Everything in the listing that follows should be reproduced exactly except the pictures.

** Opening Recorded information block **

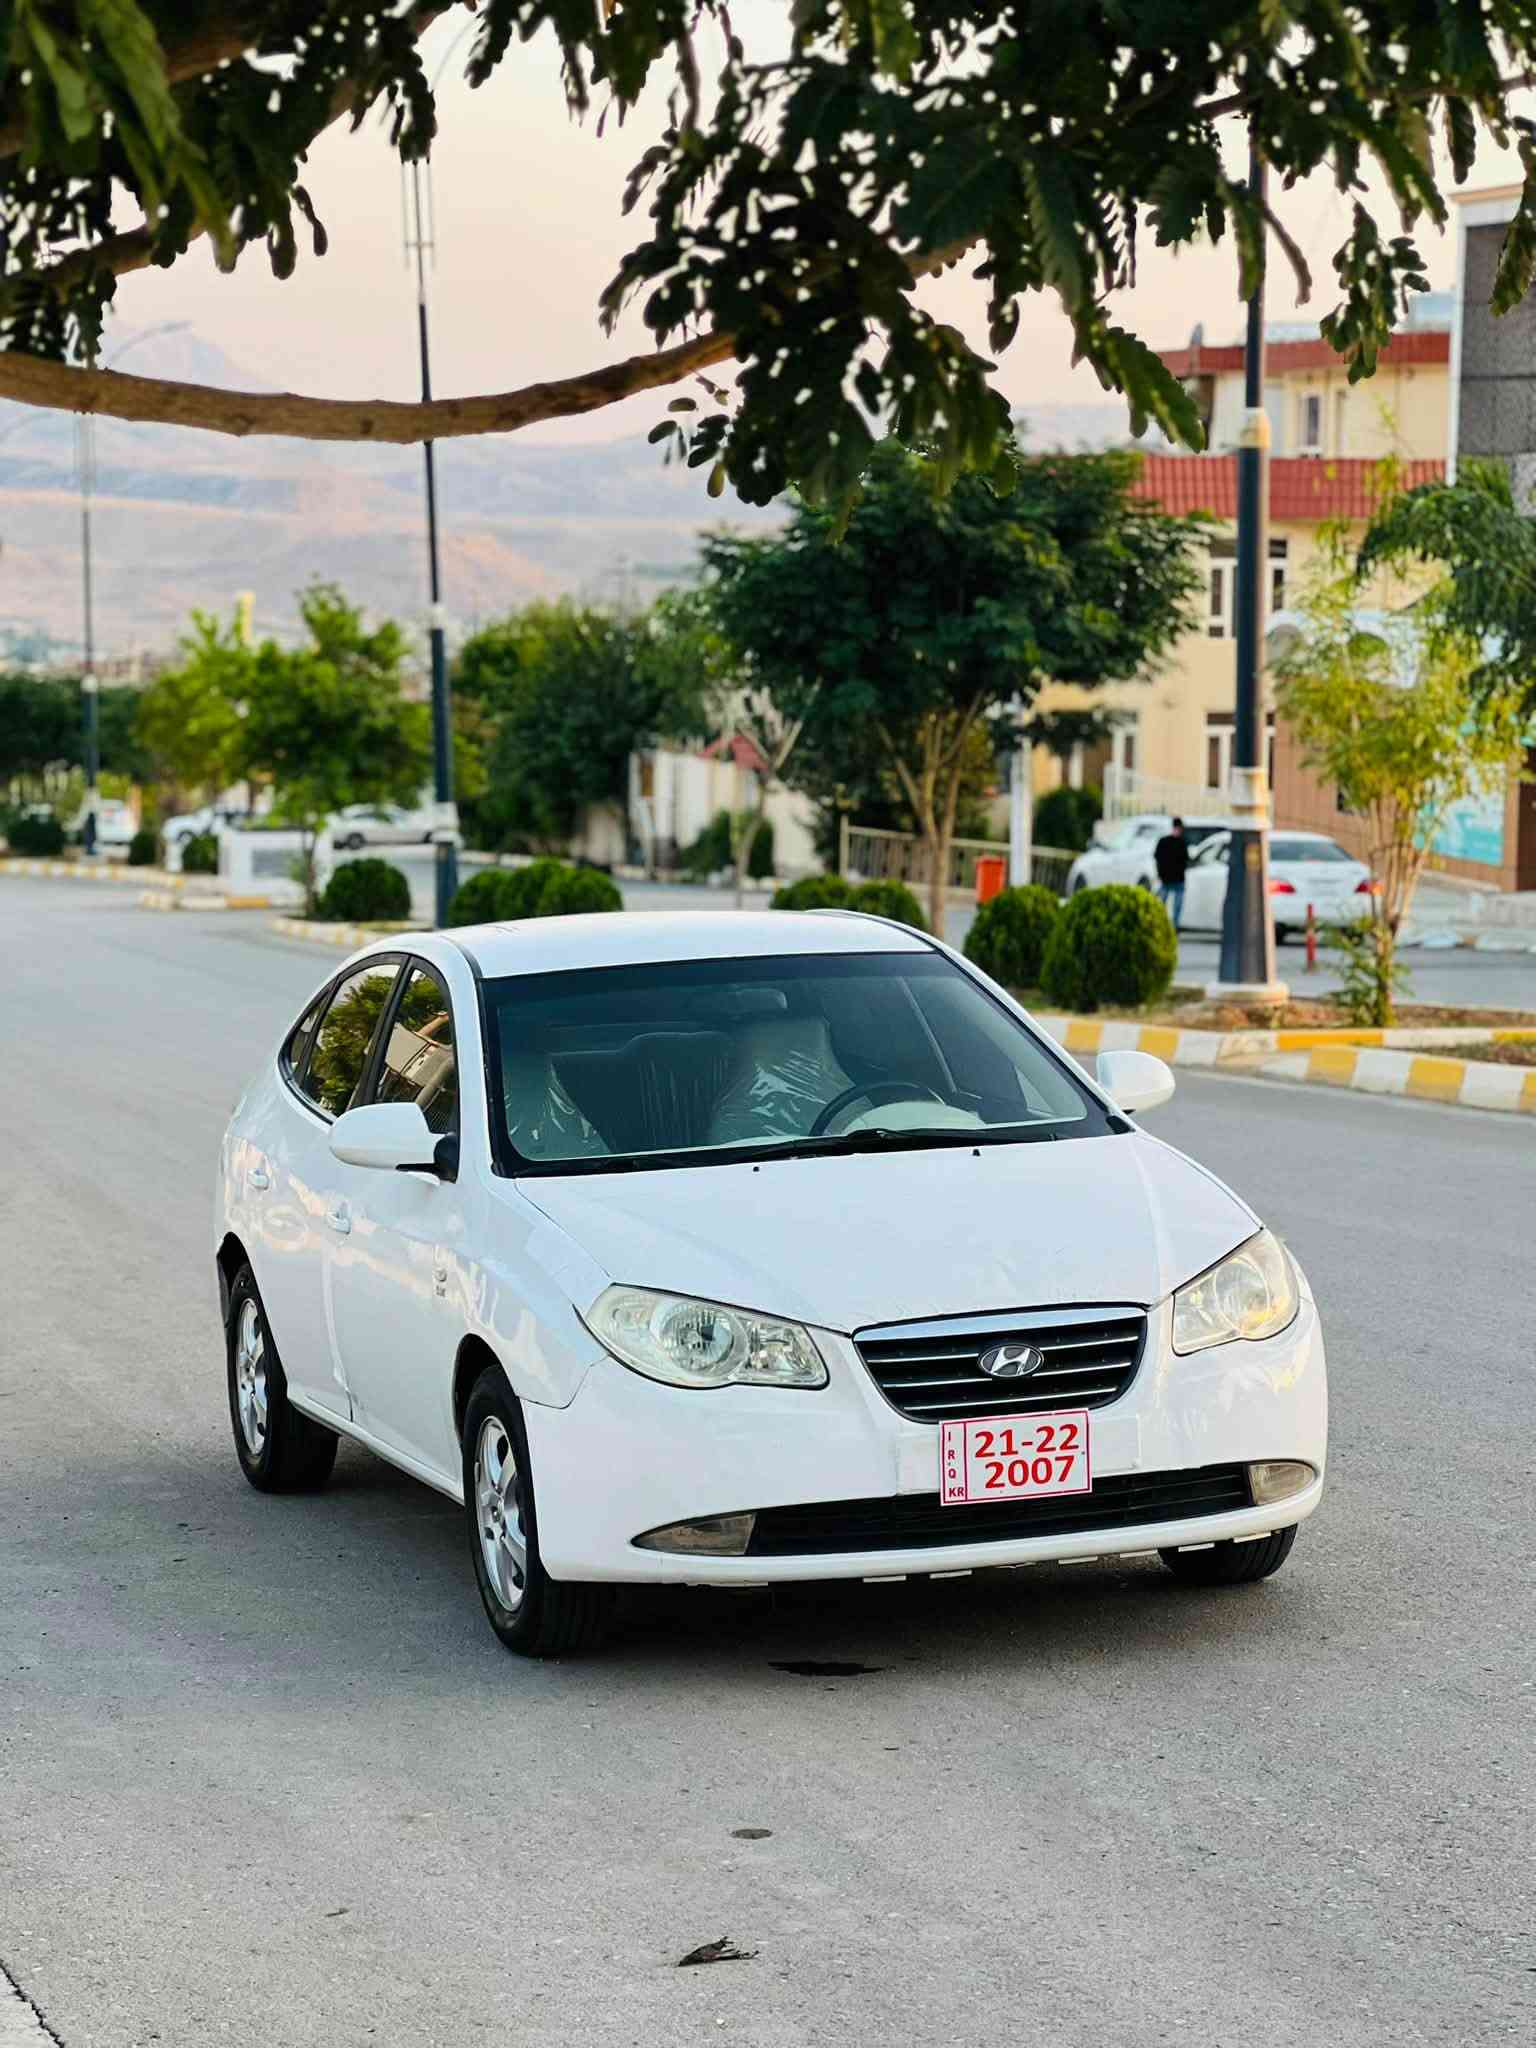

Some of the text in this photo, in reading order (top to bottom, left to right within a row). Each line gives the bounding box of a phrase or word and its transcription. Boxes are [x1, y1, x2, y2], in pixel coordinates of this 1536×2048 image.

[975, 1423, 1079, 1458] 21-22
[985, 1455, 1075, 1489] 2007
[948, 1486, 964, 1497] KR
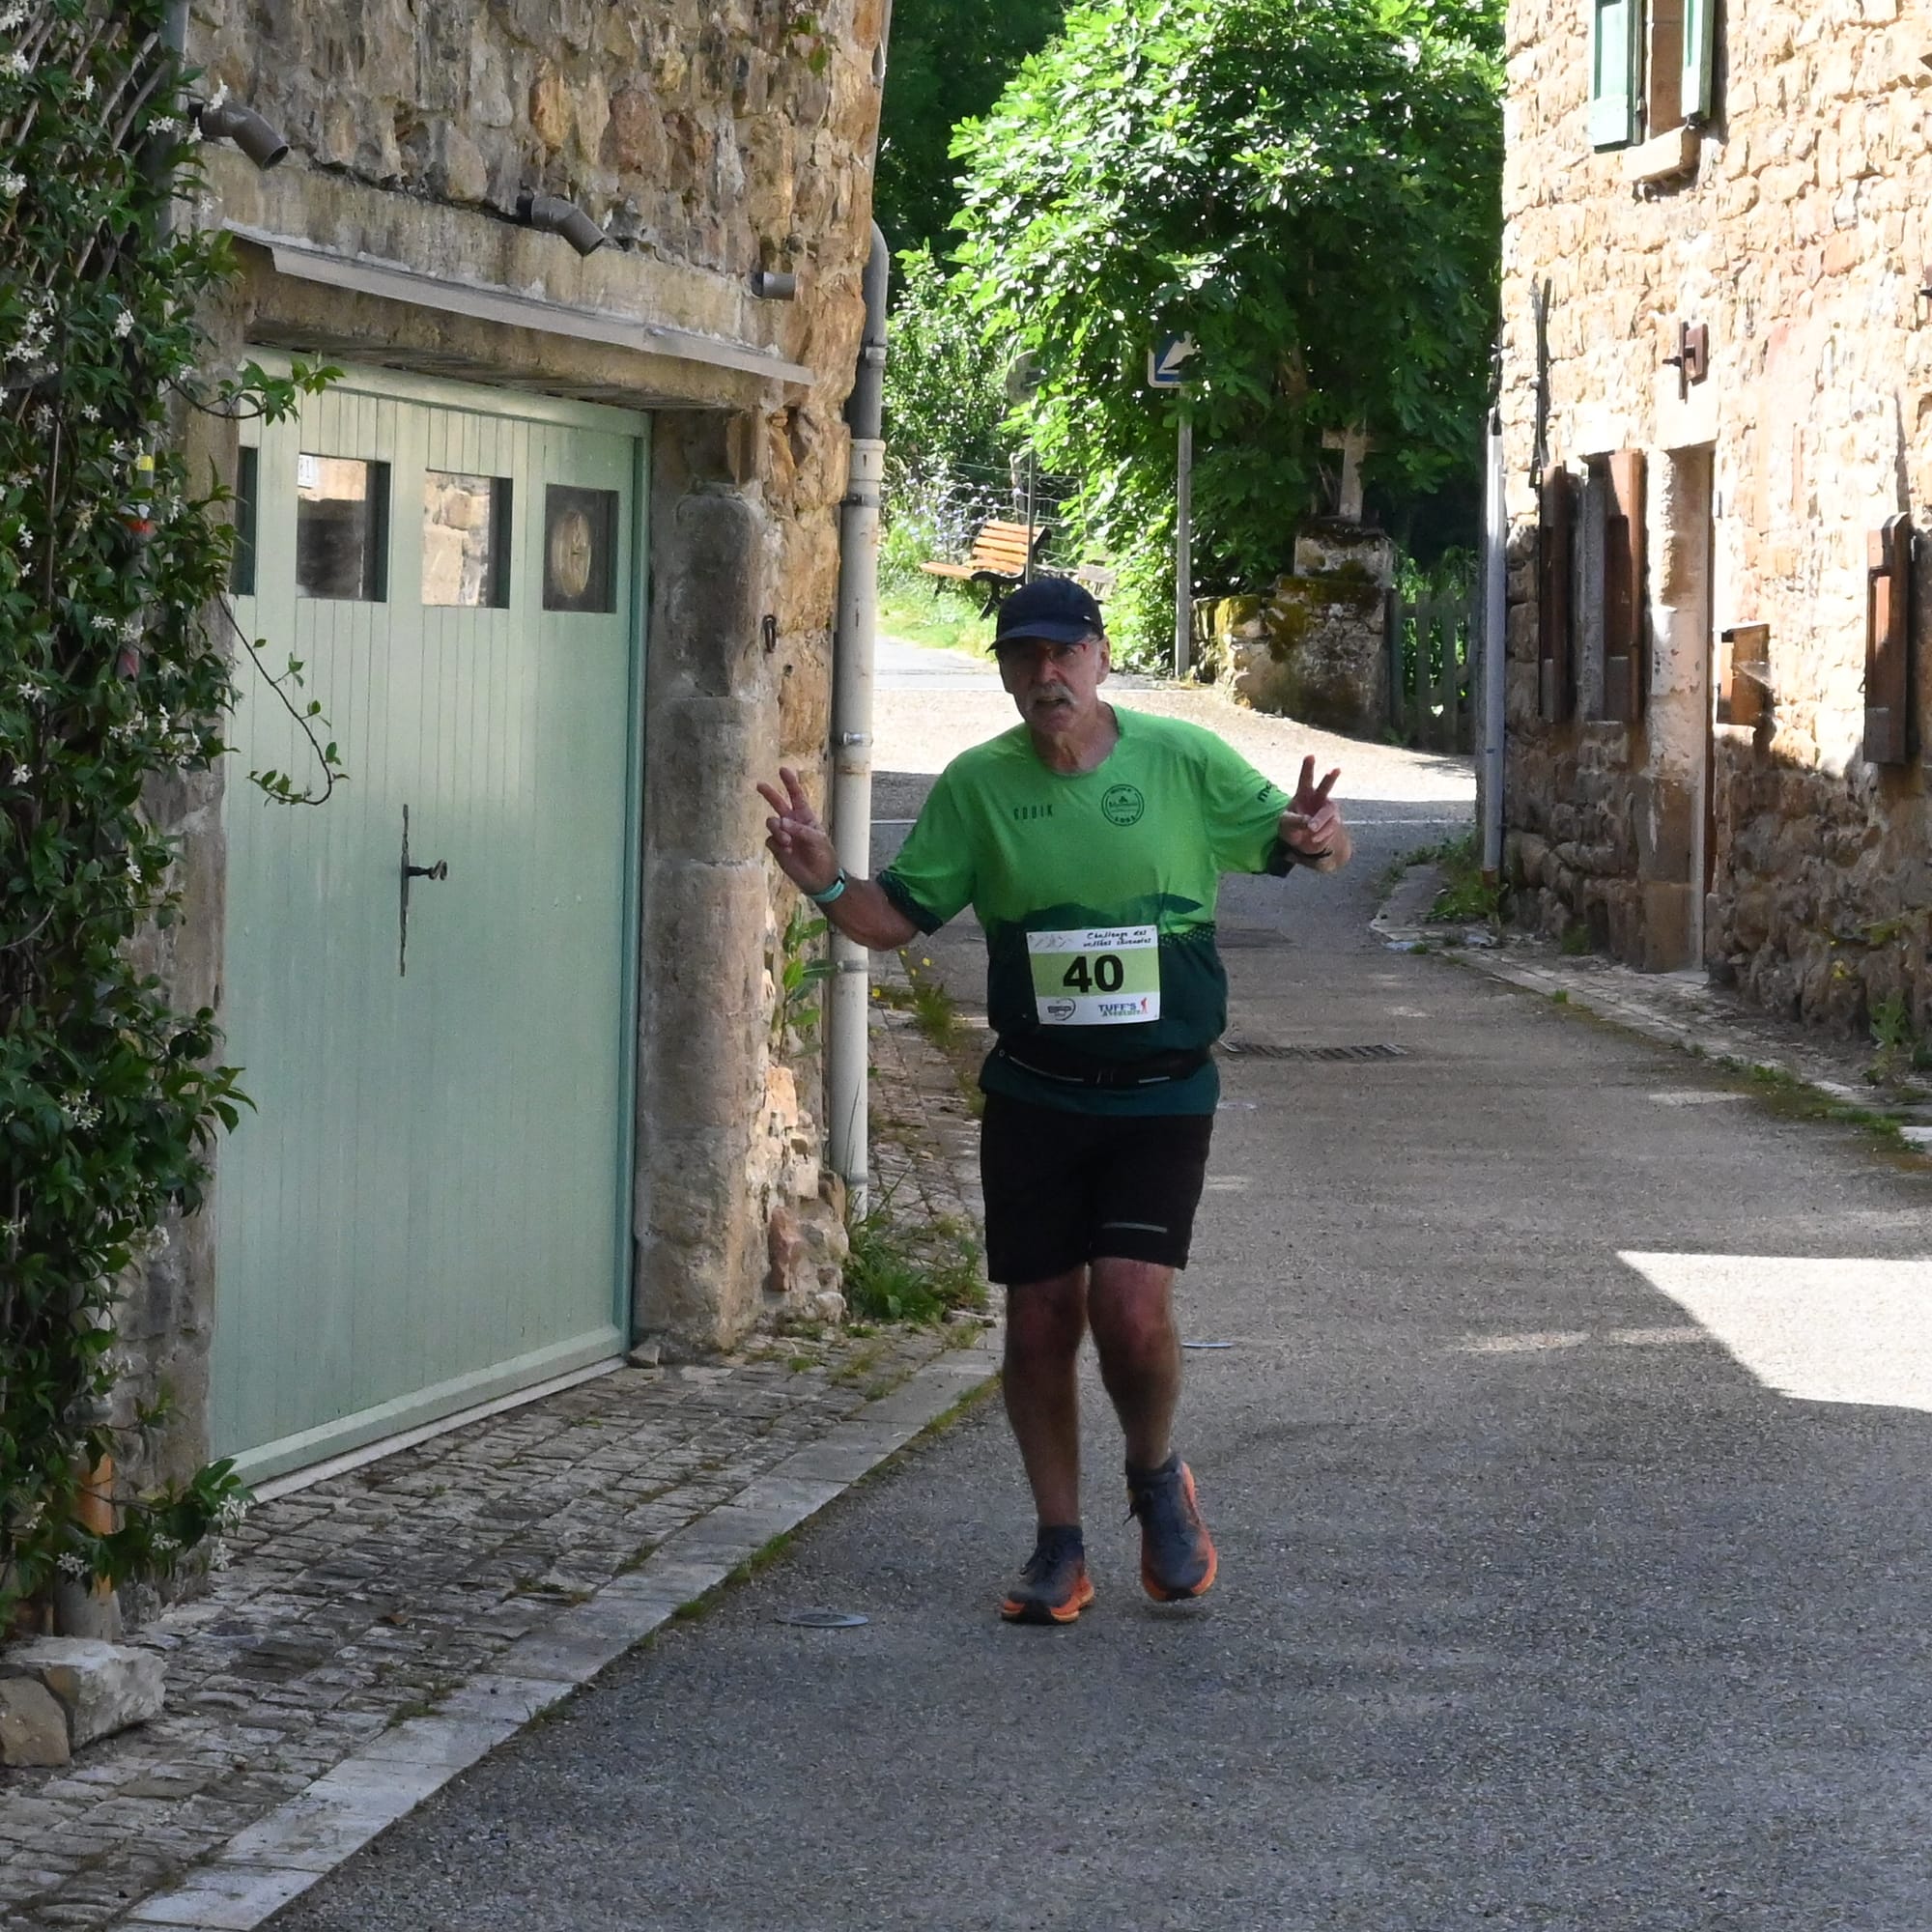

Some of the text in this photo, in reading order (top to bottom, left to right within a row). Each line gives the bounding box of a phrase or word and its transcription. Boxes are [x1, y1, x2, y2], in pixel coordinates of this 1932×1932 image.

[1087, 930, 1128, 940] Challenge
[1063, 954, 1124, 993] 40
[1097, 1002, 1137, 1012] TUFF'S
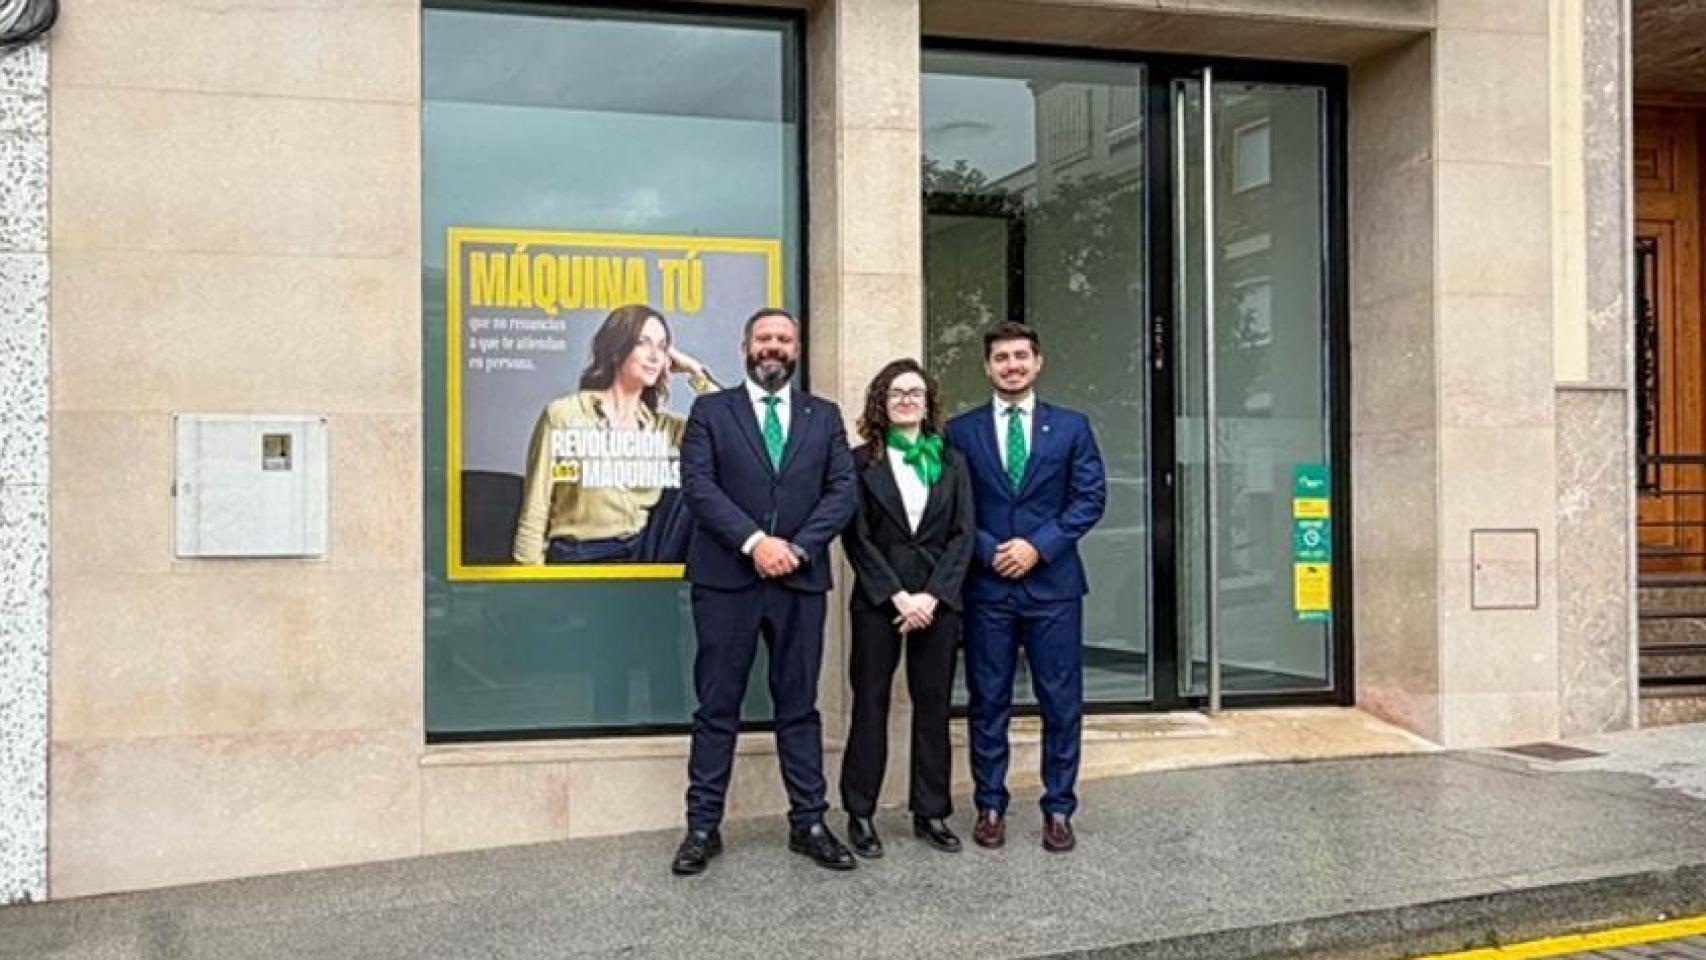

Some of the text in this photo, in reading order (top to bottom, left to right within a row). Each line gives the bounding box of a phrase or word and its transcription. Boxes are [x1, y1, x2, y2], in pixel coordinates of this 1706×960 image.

** Closing Recorded information block **

## Task response
Some of the text in this photo, in reading order (top to bottom, left to right within a row). Each line gives the bounding box of a phrase or word and its transcription. Boxes are [x1, y1, x2, y2], in pixel coordinates of this 1536×2048 image.

[975, 1423, 1079, 1458] 21-22
[985, 1455, 1075, 1489] 2007
[948, 1486, 964, 1497] KR

Some of the text in this photo, in reading order (top to bottom, left to right within a row). Each line gives the bounding box of a phrase or word and its transcription. Boxes are [x1, y1, x2, y2], in pixel coordinates of this 1932×1932 image.

[1087, 930, 1128, 940] Challenge
[1063, 954, 1124, 993] 40
[1097, 1002, 1137, 1012] TUFF'S

Some of the text in this photo, in reading order (top to bottom, left to right within a row). Each line gives the bounding box of a phrase or word and its transcription. Boxes are [x1, y1, x2, y2], in pixel coordinates of this 1706×960 image.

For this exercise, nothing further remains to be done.